One of the books in my grandfather’s house was a first edition of Alfred Hutton’s The Sword and the Centuries. It opened my eyes to the possibility of researching historical fencing styles, and even provided some details about the sources I might work from. Amazing- there were books that could tell us how real swordfighters really fought with real swords for real! Then in the National Library of Scotland, I stumbled upon a little book that was to change everything: The Expert Sword-man’s Companion, by Donald Mcbane. What a book! I wangled it onto my English Lit course Identity in 17th century Literature with Dr. Jonquil Bevan, and even managed to get course credit for it- I wrote an essay on it called The Gallant Pander. Best of all, from my perspective, was that the smallsword material McBane presents did not contradict my early fencing training, but allowed me to apply what I knew in a historical way. It may come as a surprise, given that these days I am best known for my work on medieval Italian swordsmanship, but my first love was 18th century French smallsword as taught by a Scottish thug.

So, my friends and I started the Dawn Duellists Society, in 1994, to bring together like-minded people to fight with. I quickly found that in order for the fights to be anything like the books, I had to teach these people first. So I ended up teaching historical swordsmanship in order to create opponents. The whole point of researching these historical systems was to pick up new tricks for winning fencing matches with historical weapons. I had a complete separation in my mind between stuff done with swords, and martial arts. Martial arts were about killing people; sword-activities were about fencing. Martial arts were serious, fencing was not. Martial arts was about the Path, swordsmanship was about scoring touches. Given my interest in real swordfighting, this makes no sense now, but it was how my head worked back then.

The psychological wall I had built between swordsmanship and martial arts melted away during the summer of 2000. I won’t go into the full story here- suffice to say it involves witches and angels, sex and violence, lust, betrayal and a mountain-top revelation. Yes, really. And no, not while sober. Suffice to say I suddenly decided to move to Helsinki and open a school- a school devoted to historical, european, martial, swordsmanship. Above all, restoring the arts of our ancestors, and maintaining at all costs the martial depth of the practice. Because that, to me, is real swordfighting.

There has been a lot of hoo-ha on the electronical interweb regarding the USFCA (the American sport fencing coaching body) introducing instructor training and certification for “Historical Fencing”. One the one hand, there is no doubt that they, or any other body concerned with teaching the art of teaching, may have much in the way of pedagogical experience and a systematic approach that might be very useful for any historical fencing teacher. On the other, it is frankly a joke to imagine that a sport fencing body has any business pronouncing on who may or may not be fit to lead a historical fencing class.
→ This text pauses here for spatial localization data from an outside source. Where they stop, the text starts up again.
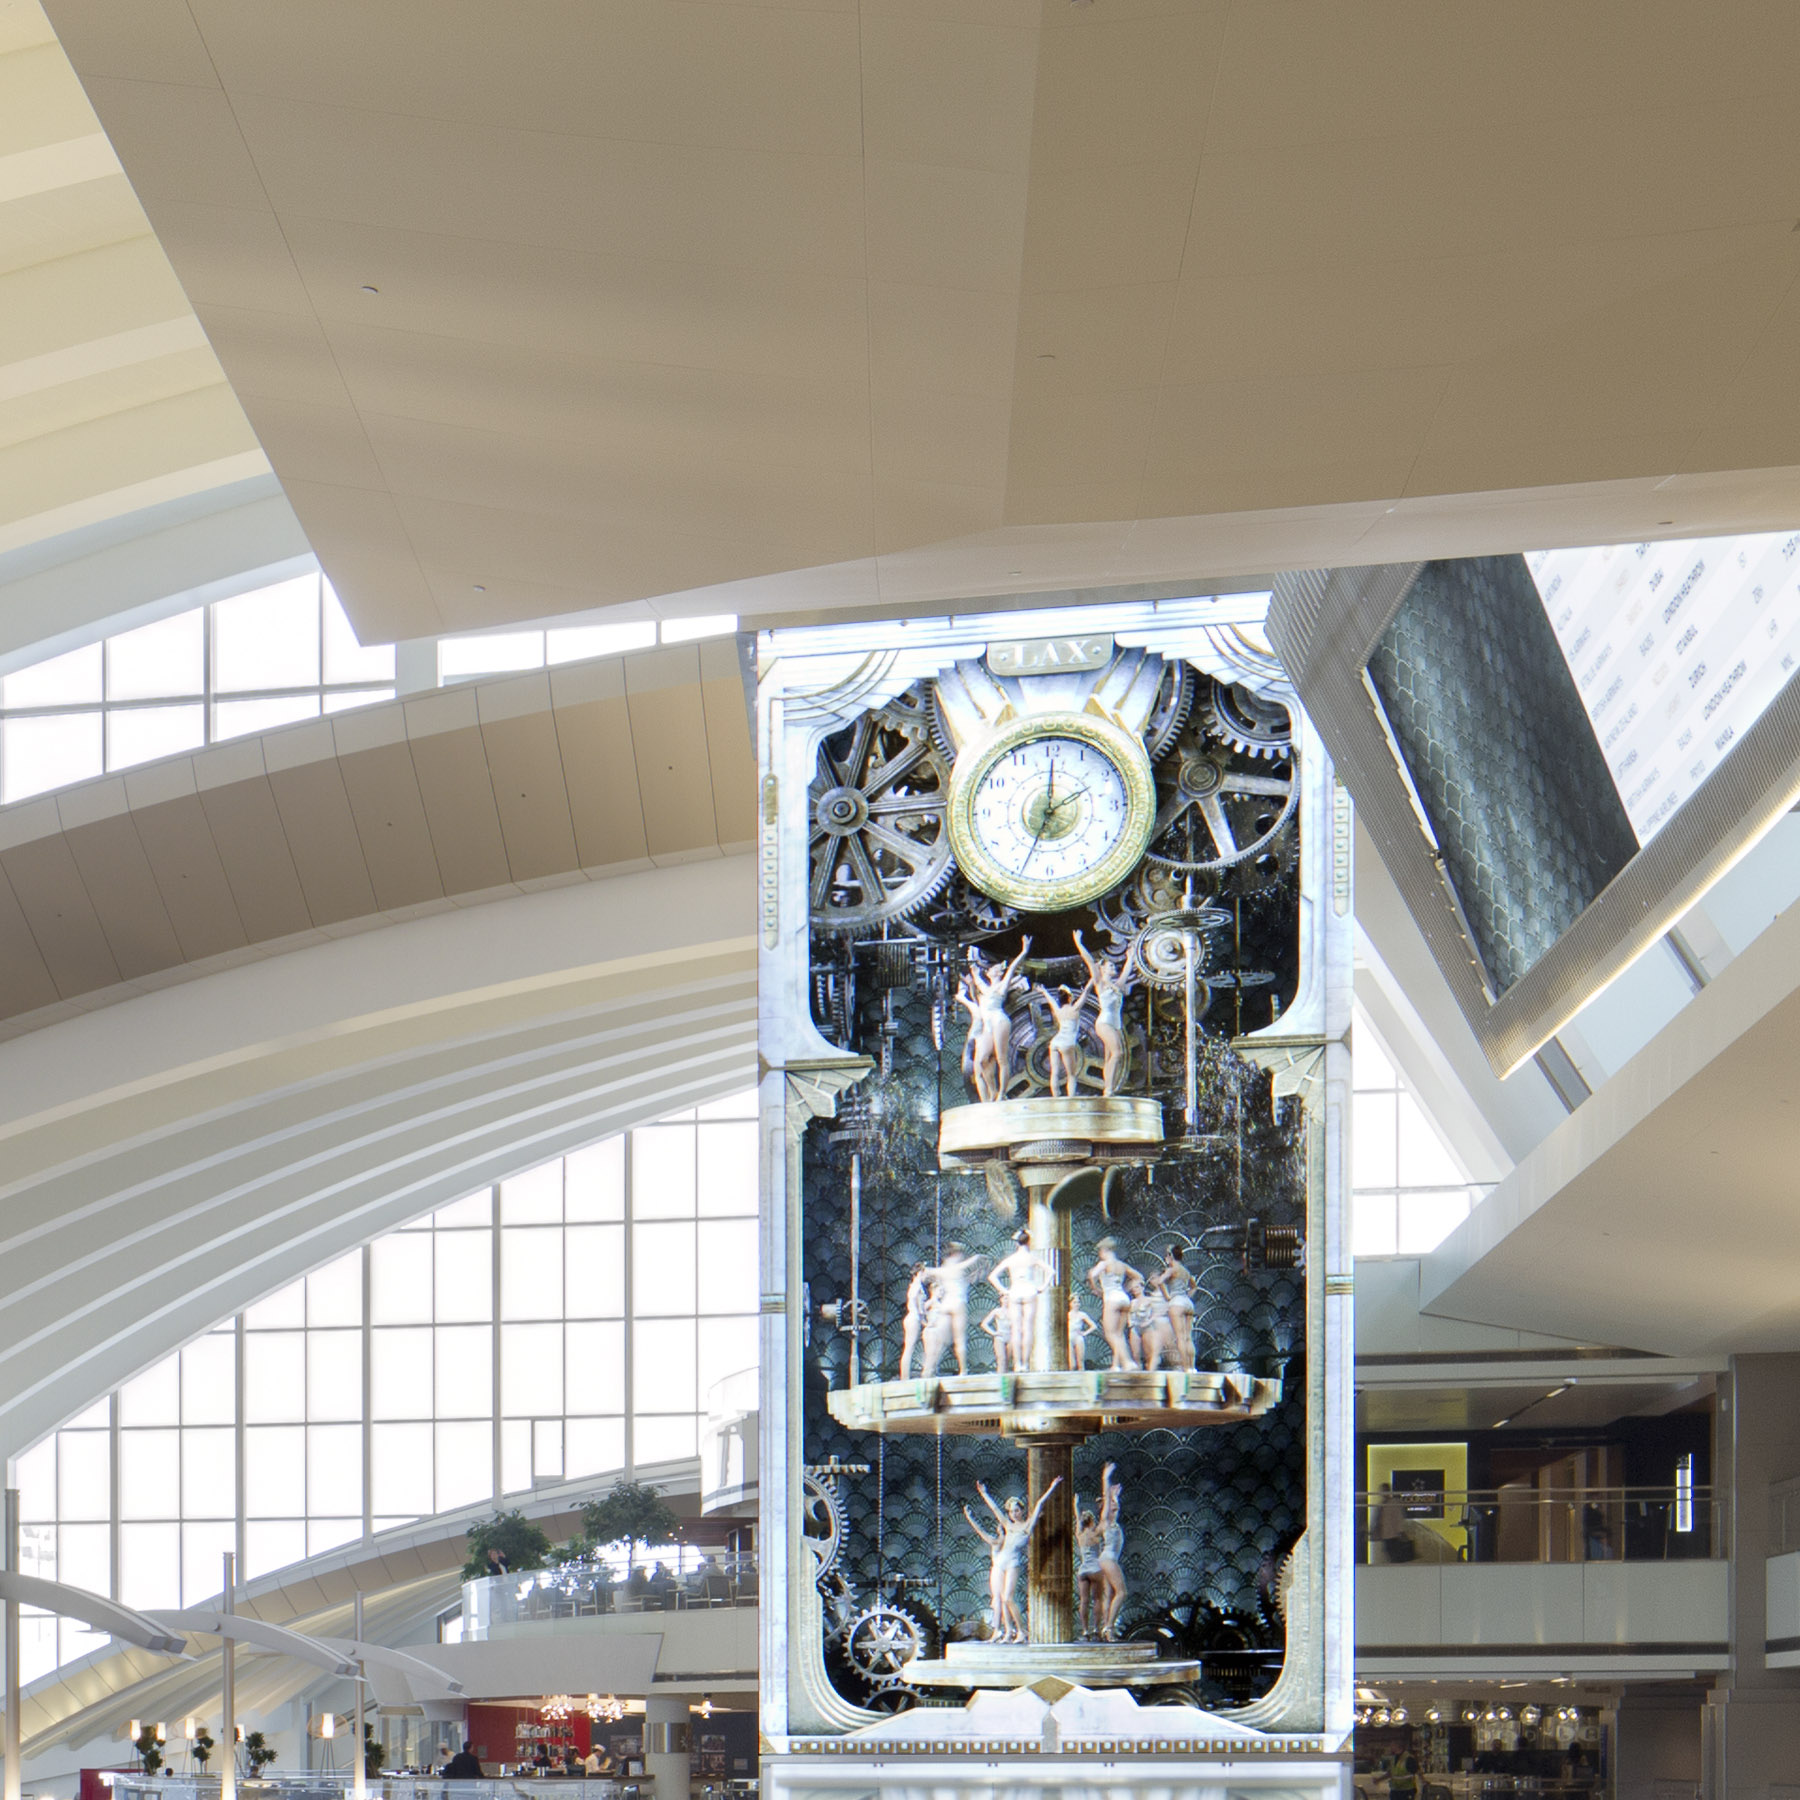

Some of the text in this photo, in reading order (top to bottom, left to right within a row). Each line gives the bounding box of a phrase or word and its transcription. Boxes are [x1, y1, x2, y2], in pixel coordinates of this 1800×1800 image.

[1012, 639, 1092, 669] LAX
[1045, 745, 1060, 757] 12
[1013, 754, 1026, 766] 11
[1101, 770, 1110, 782] 2
[989, 778, 1005, 789] 10
[1110, 800, 1119, 812] 3
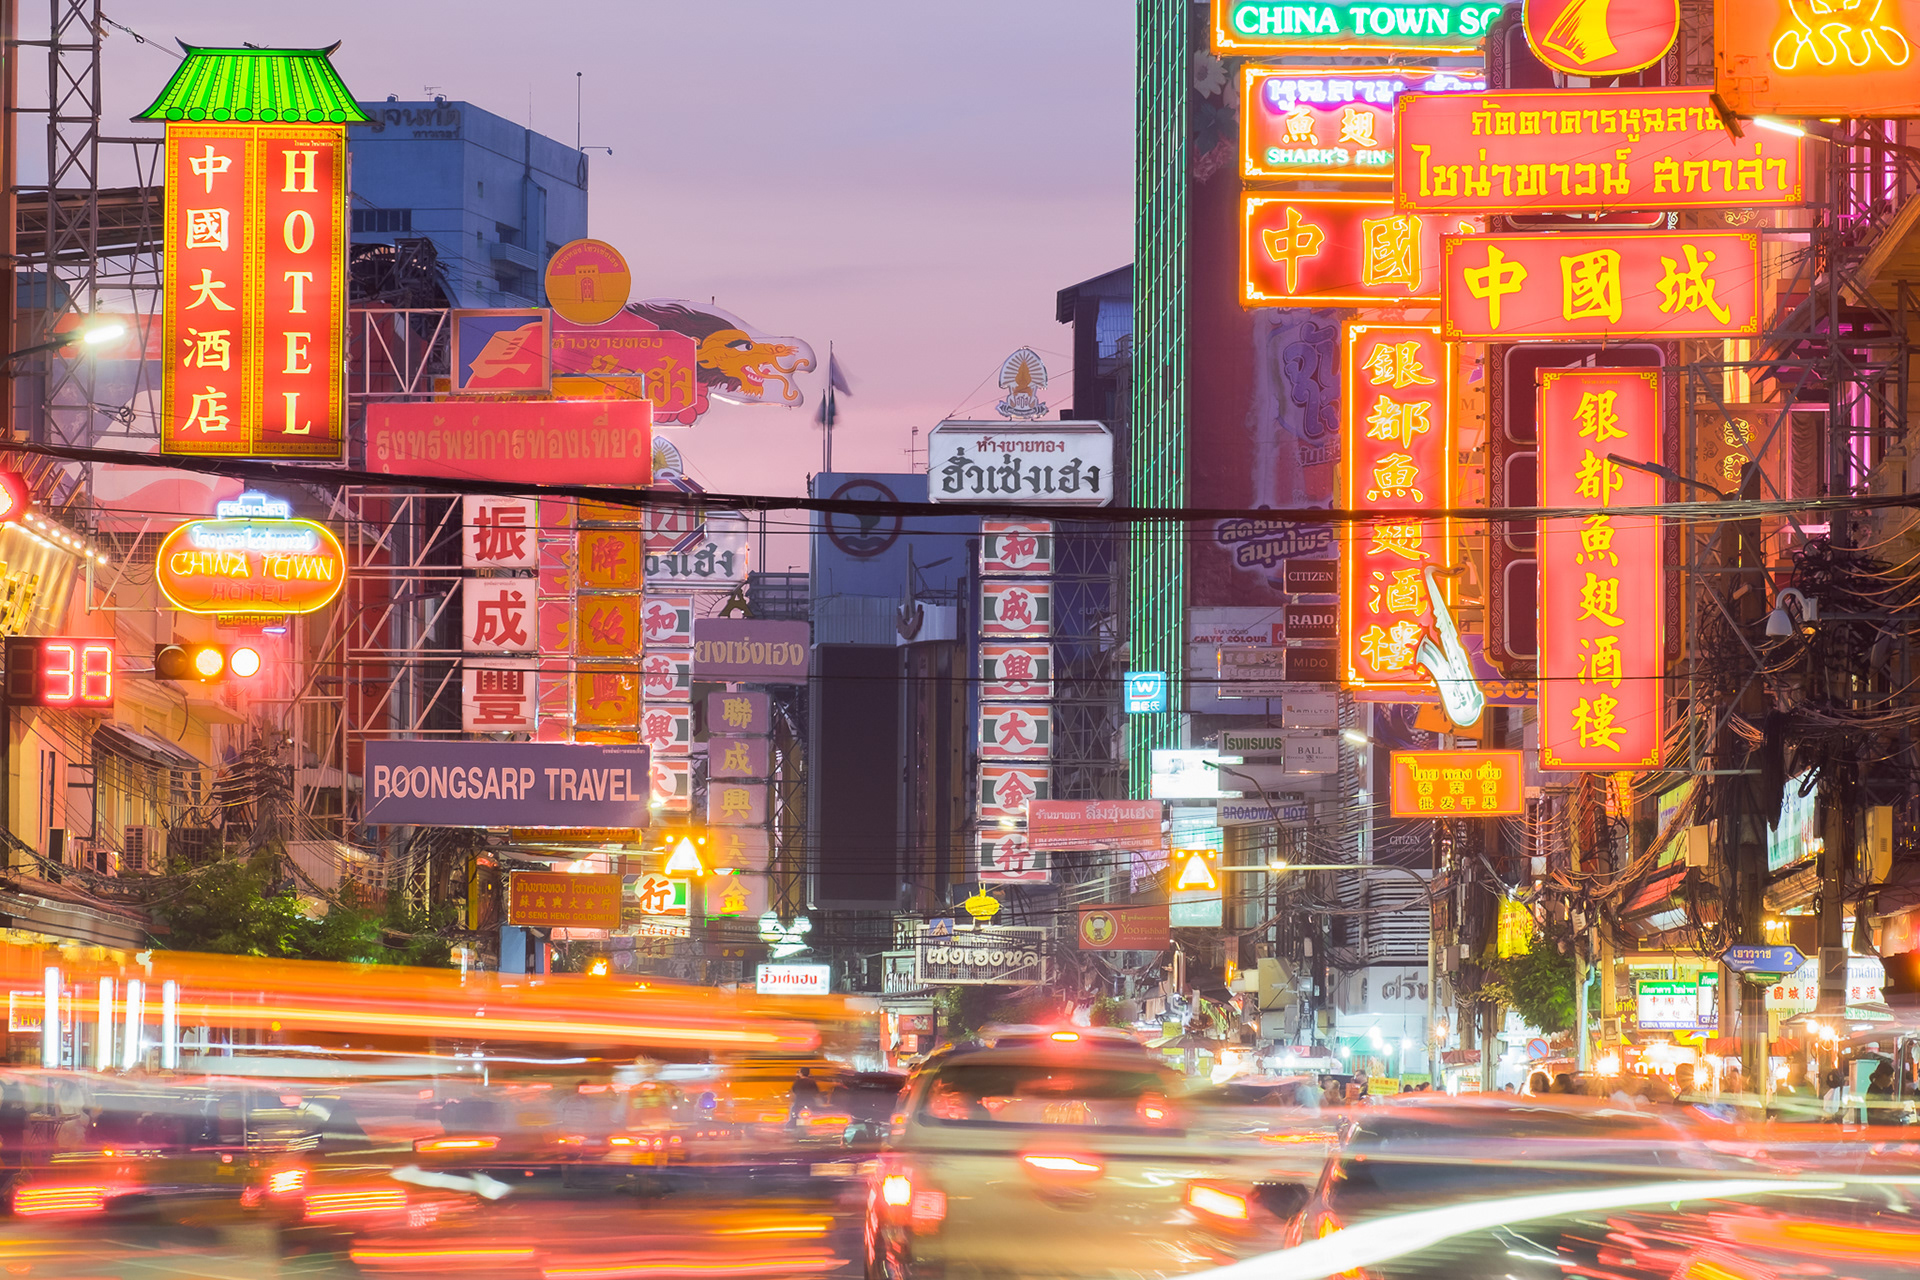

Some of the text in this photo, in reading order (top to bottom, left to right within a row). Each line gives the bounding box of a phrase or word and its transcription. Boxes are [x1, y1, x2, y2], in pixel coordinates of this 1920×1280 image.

[1236, 5, 1339, 34] CHINA
[1349, 7, 1449, 34] TOWN
[1282, 108, 1377, 146] 魚翅
[1268, 147, 1349, 164] SHARK'S
[1411, 142, 1788, 198] ไชน่าทาวน์ สกาล่า
[1262, 206, 1476, 294] 中國
[181, 144, 234, 434] 中國大酒店
[281, 150, 319, 435] HOTEL
[1463, 245, 1732, 330] 中國城
[552, 334, 663, 349] ห้างขายทอง
[376, 404, 641, 473] รุ่งทรัพย์การท่องเที่ยว
[976, 436, 1065, 453] ห้างขายทอง
[941, 447, 1101, 493] ฮั่วเซ่งเฮง
[1361, 341, 1436, 676] 銀都魚翅酒樓
[1240, 529, 1331, 564] สมุนไพร
[171, 551, 333, 580] CHINA TOWN
[1288, 572, 1334, 581] CITIZEN
[1571, 390, 1628, 753] 銀都魚翅酒樓
[212, 583, 291, 602] HOTEL
[473, 506, 527, 725] 振成豐
[1288, 615, 1334, 625] RADO
[1294, 658, 1328, 668] MIDO
[1136, 680, 1154, 693] W
[994, 529, 1037, 875] 和成興大金行
[374, 765, 640, 802] ROONGSARP TRAVEL
[719, 697, 754, 914] 聯成興大金
[1035, 802, 1154, 823] ร้านขายยา ลิ้มชุ่นเฮง
[1223, 806, 1280, 820] BROADWAY
[1390, 836, 1420, 845] CITIZEN
[517, 879, 566, 893] ห้างขายทอง
[515, 911, 615, 921] SO SENG HENG GOLDSMITH
[1733, 950, 1793, 965] เยาวราช 2
[1765, 986, 1816, 999] 國城銀
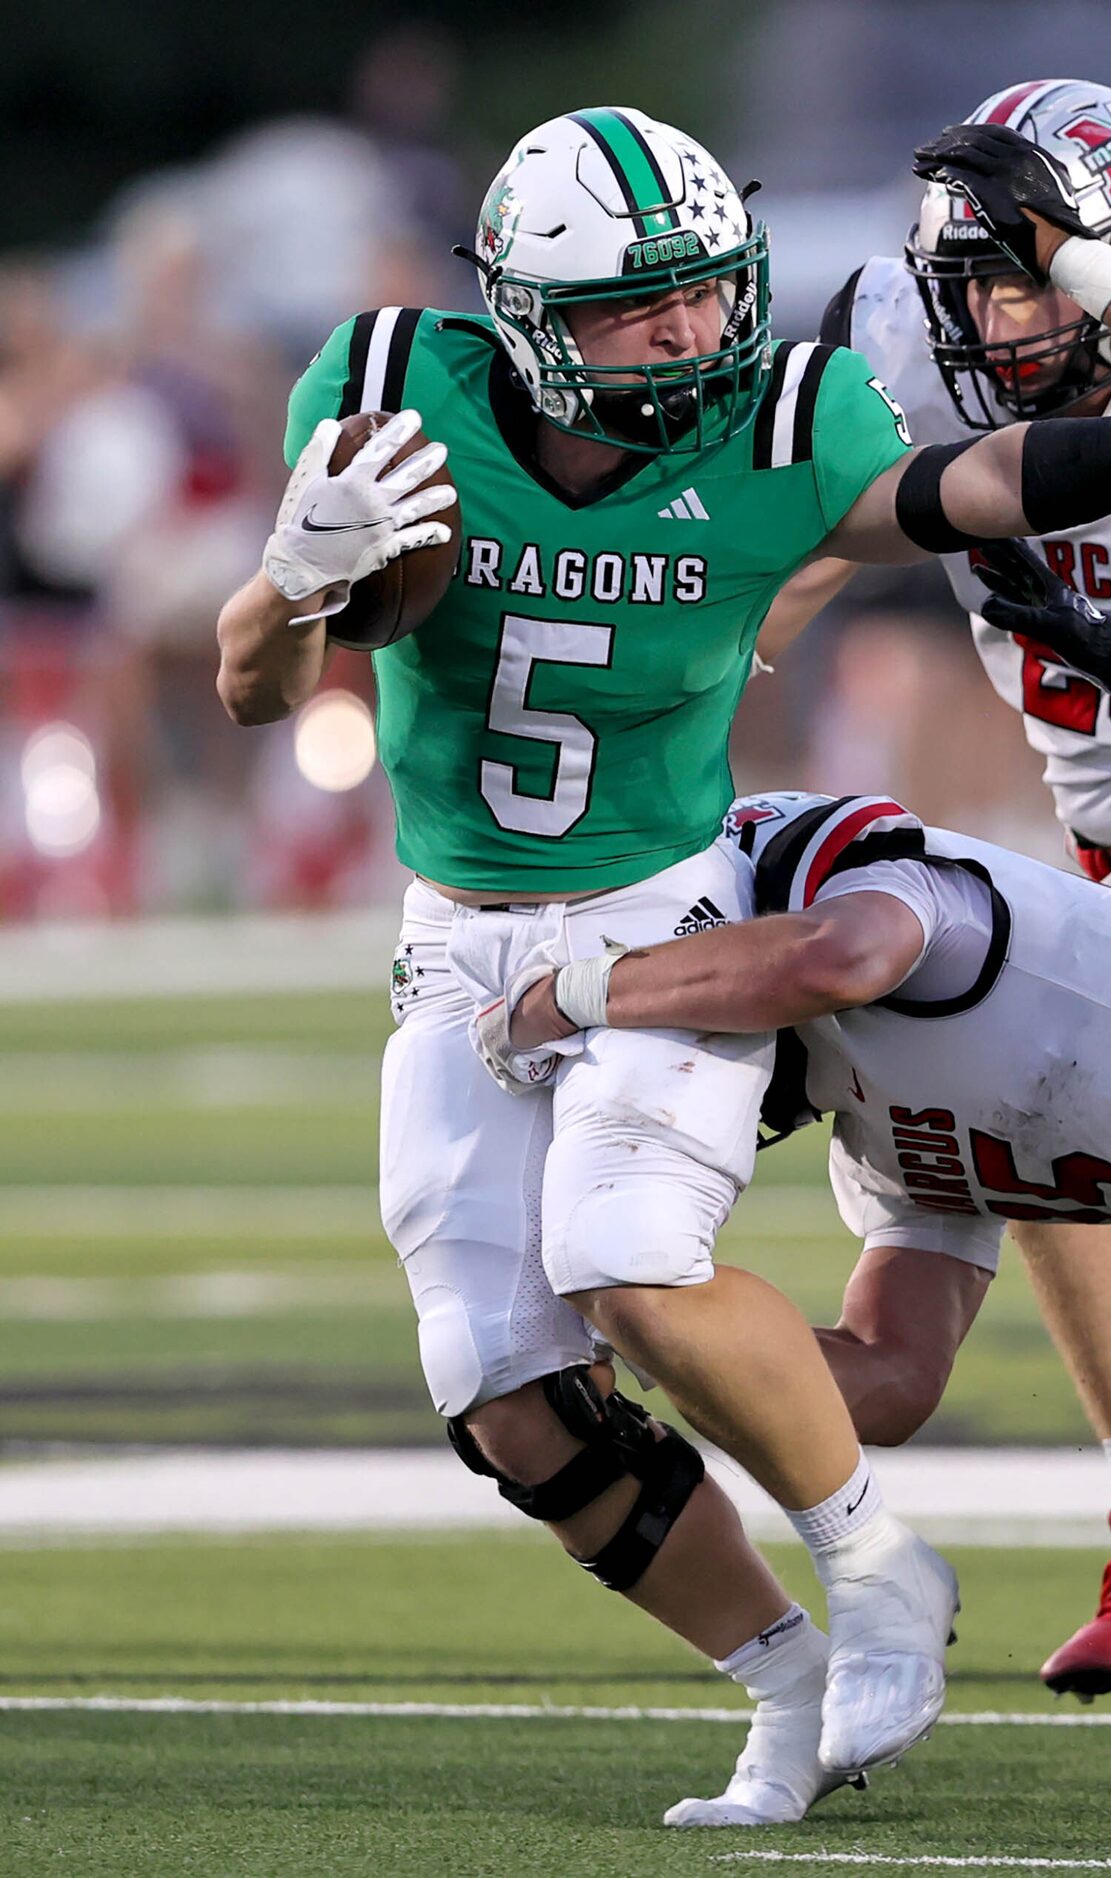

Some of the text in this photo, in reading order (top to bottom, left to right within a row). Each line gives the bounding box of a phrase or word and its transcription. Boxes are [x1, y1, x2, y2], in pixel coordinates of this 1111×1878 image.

Before I sail off on a thoroughly enjoyable rant, let me first point out that I offer instructor training and certification in my school, and I expect everyone within my school to acknowledge the certification, and nobody outside my school to give a monkey’s regarding who is or is not qualified to teach my syllabus. I would hope that eventually the trickle of trained instructors my school is producing will lead to a general feeling in the community at large that if you have a certificate from my school, you deserve the benefit of the doubt and can be hired unseen, but that’s as far as it goes.

In my view, before you can have a teaching qualification, you must first have a discrete body of knowledge that that qualification refers to. i.e. an established syllabus. Otherwise you have no basis for judging competence. A scuba-diving instructor’s qualification should not land you a job as a tennis coach. But, extensive experience in training scuba divers may make you a great teacher of practical skills, which you can then apply to your new-found interest in generating the next Roger Federer.

I happen to have a pretty extensive sport fencing background, having fenced regularly and at a respectable if not desperately elevated level between 1987 and 1994. This meant that when I went off on a foil coaching course, I knew the basic syllabus well enough to take part in the course. It would be very handy if all historical fencing coaches happened to have a sport fencing background and could do likewise. But there is no sense in studying foil for a few years before taking up medieval martial arts. It’s not an efficient route to success. There is a fundamental difference between taking a sport fencing coaches’ course and applying their coaching system to my own historical swordsmanship syllabus, and expecting a sport fencing body to be able to offer any kind of certification in historical systems.

A quick look at the USFCA certification document reveals all:

Paragraph 12. Traditions, Systems, and Terminology: Examinations are not intended to examine one particular tradition (for example, the German or Italian Longsword traditions) or system (for example, Saviolo’s Rapier play). Candidates either trained in a specific system or tradition or in a generic approach to a weapon should be able to teach a lesson consistent with their training within the themes specified. The Historical Fencing Committee will develop and make available a standard list of terminology for fencing actions; candidates should be able to explain the actions taught using these terms if requested by the examiners.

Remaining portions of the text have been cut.